> [EXERCISE GOAL]
When you reach the line with "this 1389×1389 image." in the records below, begin transcribing exactly and continue up to and including the line with "Some of the text", leaving out every picture.

> [DATA RECORDS]
------------------------------------
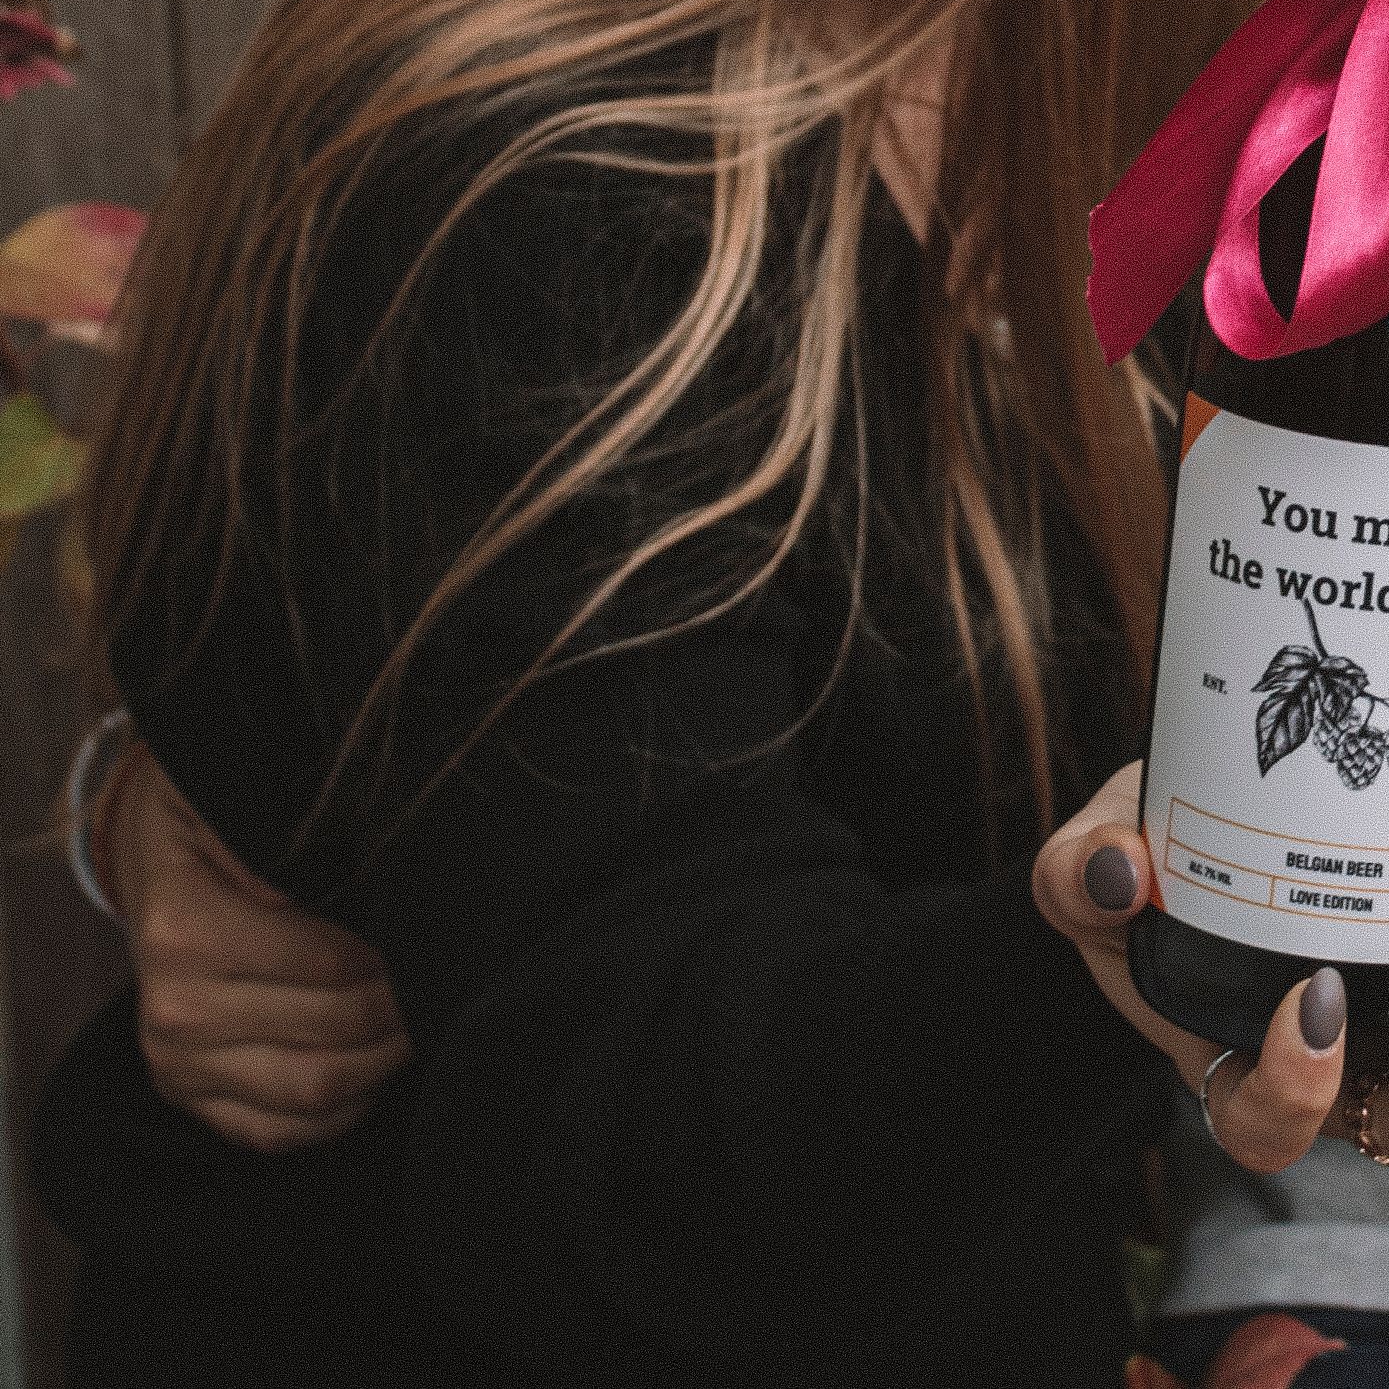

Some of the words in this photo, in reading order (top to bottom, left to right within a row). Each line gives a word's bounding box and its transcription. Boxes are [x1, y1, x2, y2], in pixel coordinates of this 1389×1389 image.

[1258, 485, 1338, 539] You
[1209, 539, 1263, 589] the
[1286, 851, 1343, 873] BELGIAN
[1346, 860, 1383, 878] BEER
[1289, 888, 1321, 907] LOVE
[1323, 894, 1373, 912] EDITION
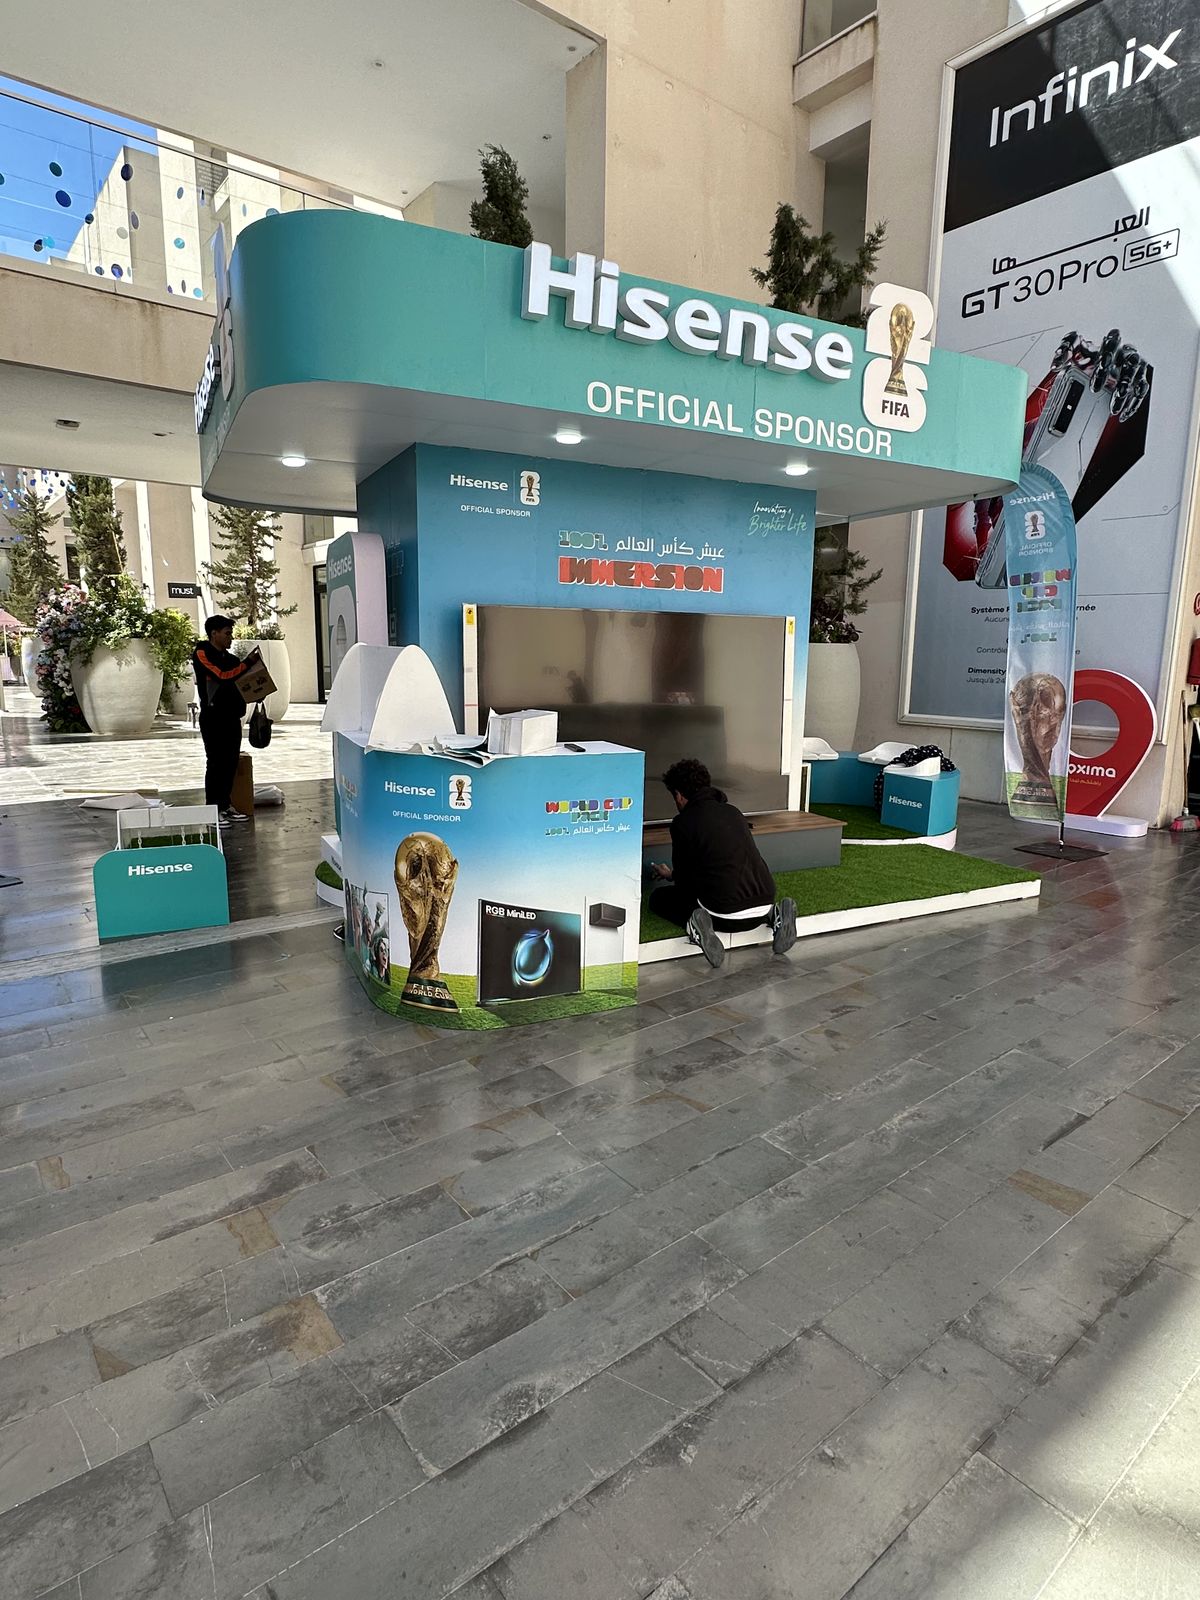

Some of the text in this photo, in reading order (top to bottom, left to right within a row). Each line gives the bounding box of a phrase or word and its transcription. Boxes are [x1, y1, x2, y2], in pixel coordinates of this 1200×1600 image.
------------------------------------
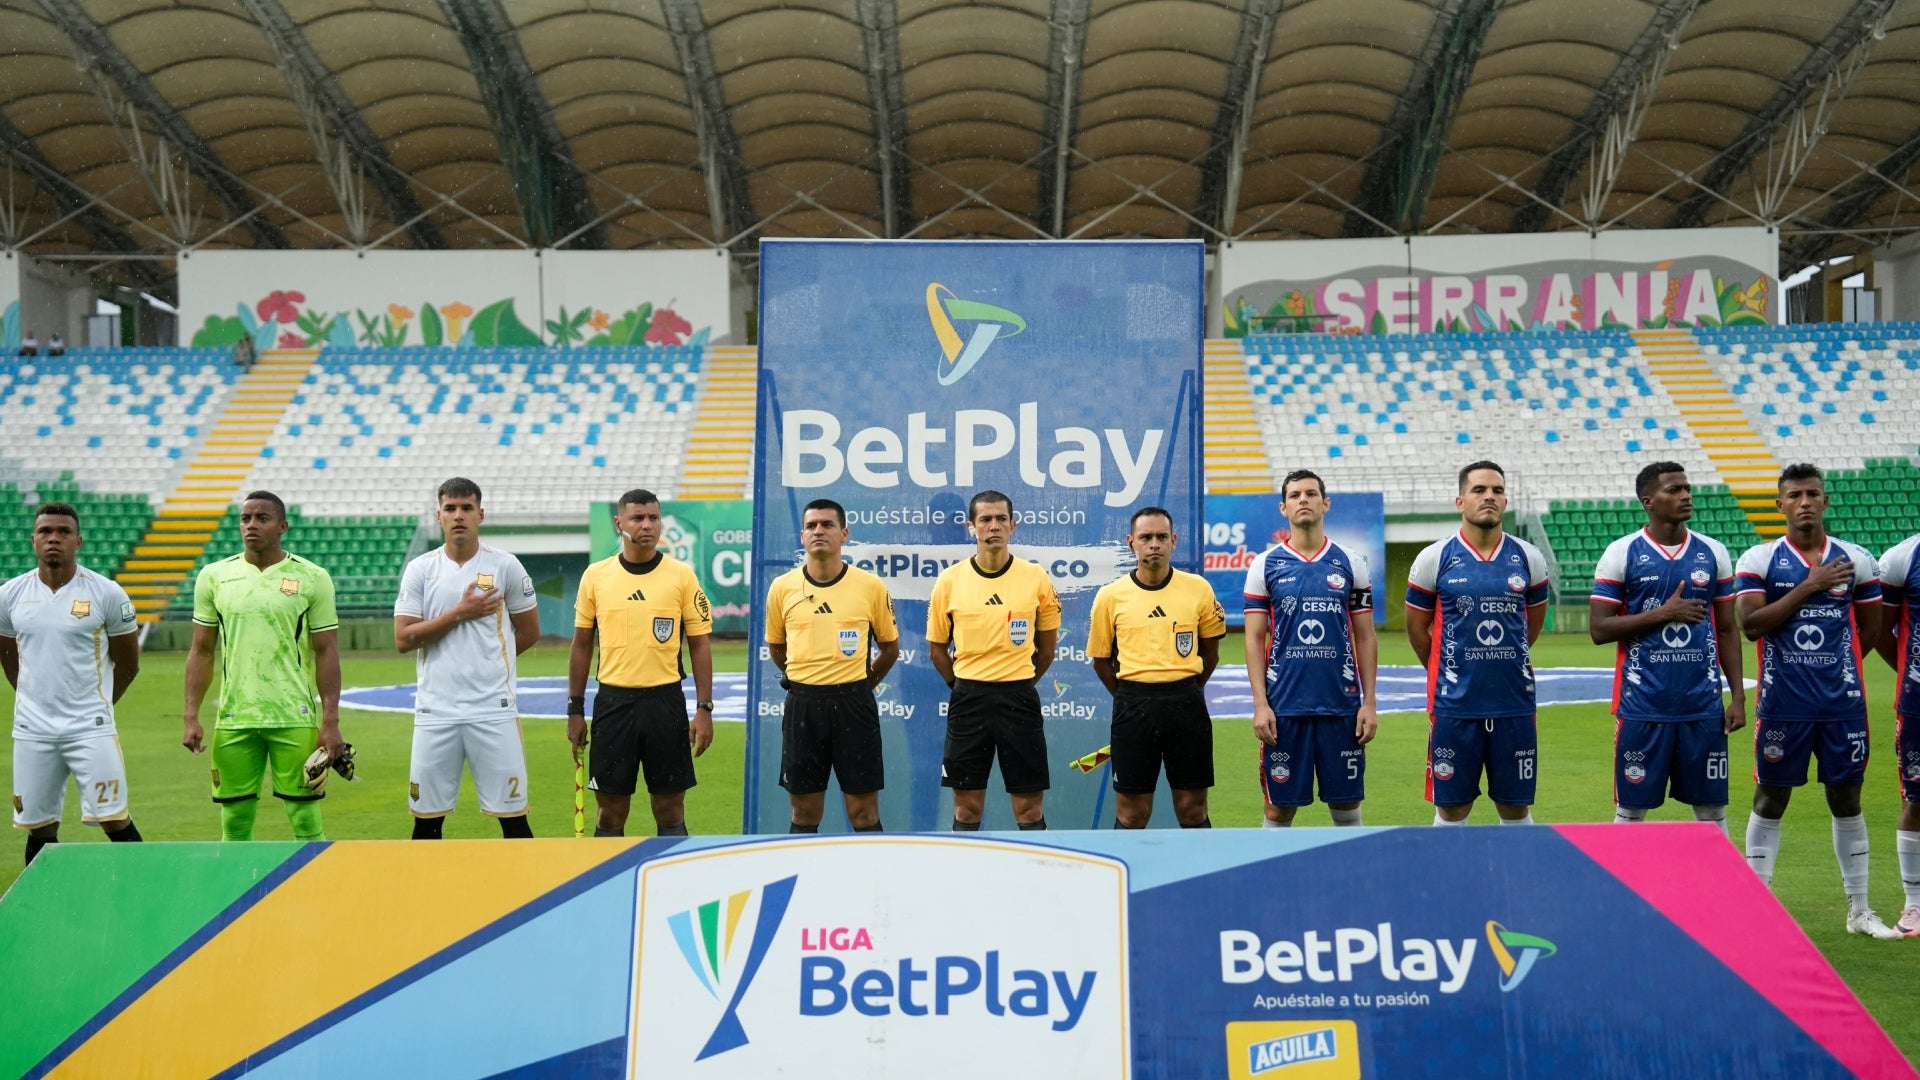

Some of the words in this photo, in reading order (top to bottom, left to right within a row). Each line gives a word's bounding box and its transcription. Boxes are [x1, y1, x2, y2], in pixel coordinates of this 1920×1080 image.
------------------------------------
> [ANSWER TO THIS EXERCISE]
Some of the words in this photo, in reading order (top to bottom, left to right within a row). Each line gives a word's bounding box and its transcription. Boxes are [x1, y1, x2, y2], in pixel coordinates of this 1389×1389 image.

[1258, 485, 1338, 539] You
[1209, 539, 1263, 589] the
[1286, 851, 1343, 873] BELGIAN
[1346, 860, 1383, 878] BEER
[1289, 888, 1321, 907] LOVE
[1323, 894, 1373, 912] EDITION

Some of the text in this photo, in reading order (top to bottom, left to right within a row). Each line gives the bounding box of a phrase or word and its transcription. Boxes are [x1, y1, x2, y2], in pixel coordinates of this 1200×1600 image.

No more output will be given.